A simple multi-state model, the illness-death model, is used as a framework to investigate the occurrence of this intermediate event. Several approaches are shown and their advantages and disadvantages are discussed. All these approaches are based on Cox regression. As different time-scales are used, these models go beyond Markov models. Different estimation methods for the transition hazards are presented. Additionally, time-varying covariates are included into the model using an approach based on fractional polynomials. The different methods of this article are then applied to a dataset consisting of four studies conducted by the German Breast Cancer Study Group (GBSG). The occurrence of the first isolated locoregional recurrence (ILRR) is studied. The results contribute to the debate on the role of the ILRR with respect to the course of the breast cancer disease and the resulting prognosis.

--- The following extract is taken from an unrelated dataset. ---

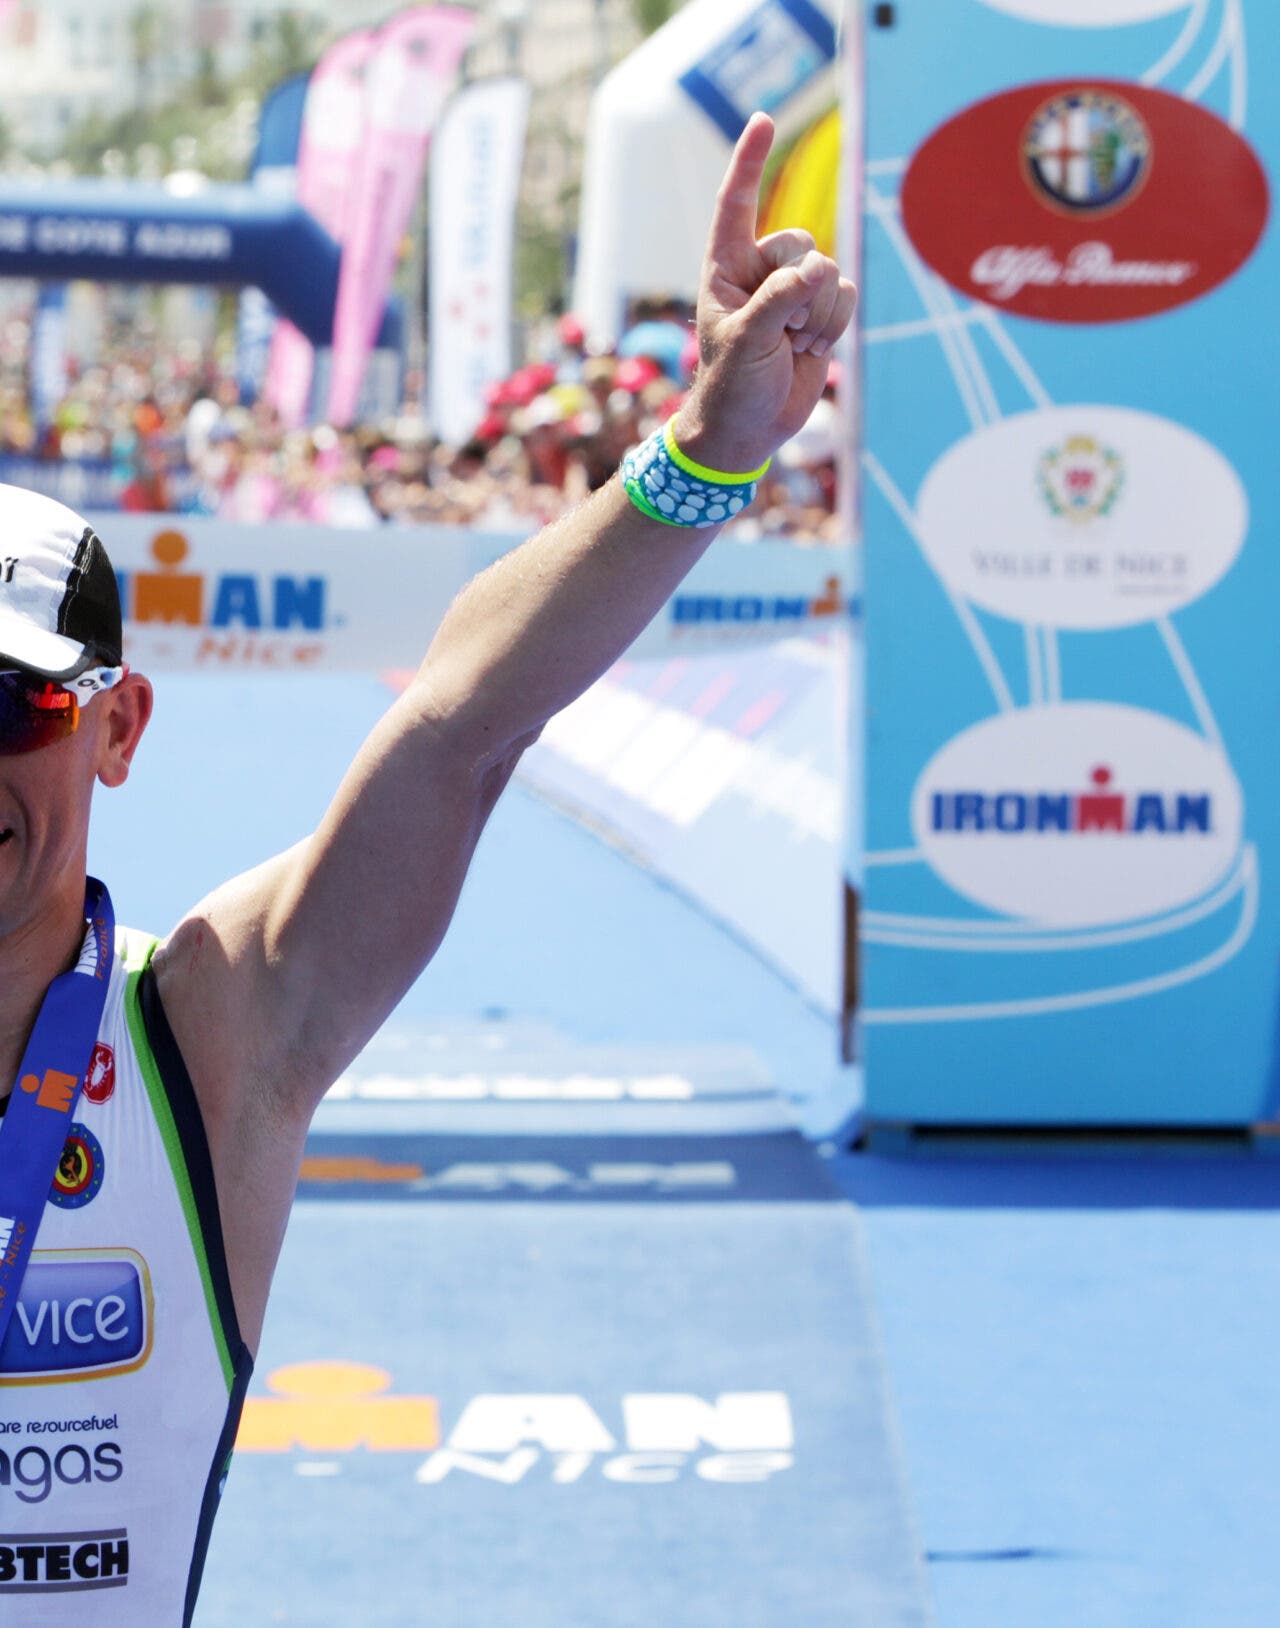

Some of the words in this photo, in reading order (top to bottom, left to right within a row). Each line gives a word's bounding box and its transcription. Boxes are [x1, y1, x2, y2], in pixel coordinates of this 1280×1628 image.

[930, 764, 1210, 833] IRONMAN
[4, 1221, 26, 1266] Nice
[26, 1413, 119, 1434] resourcefuel

We have investigated different modelling strategies for the transition hazard after ILRR or in general after an intermediate event. Including time-dependent structures altered the resulting hazard functions considerably and it was shown that this time-dependent structure has to be taken into account in the case of our breast cancer dataset. The results indicate that an early recurrence increases the risk of death. A late ILRR increases the hazard function much less and after the successful removal of the second tumour the risk of death is almost the same as before the recurrence. With respect to distant disease, the appearance of the ILRR only slightly increases the risk of death if the recurrence was treated successfully.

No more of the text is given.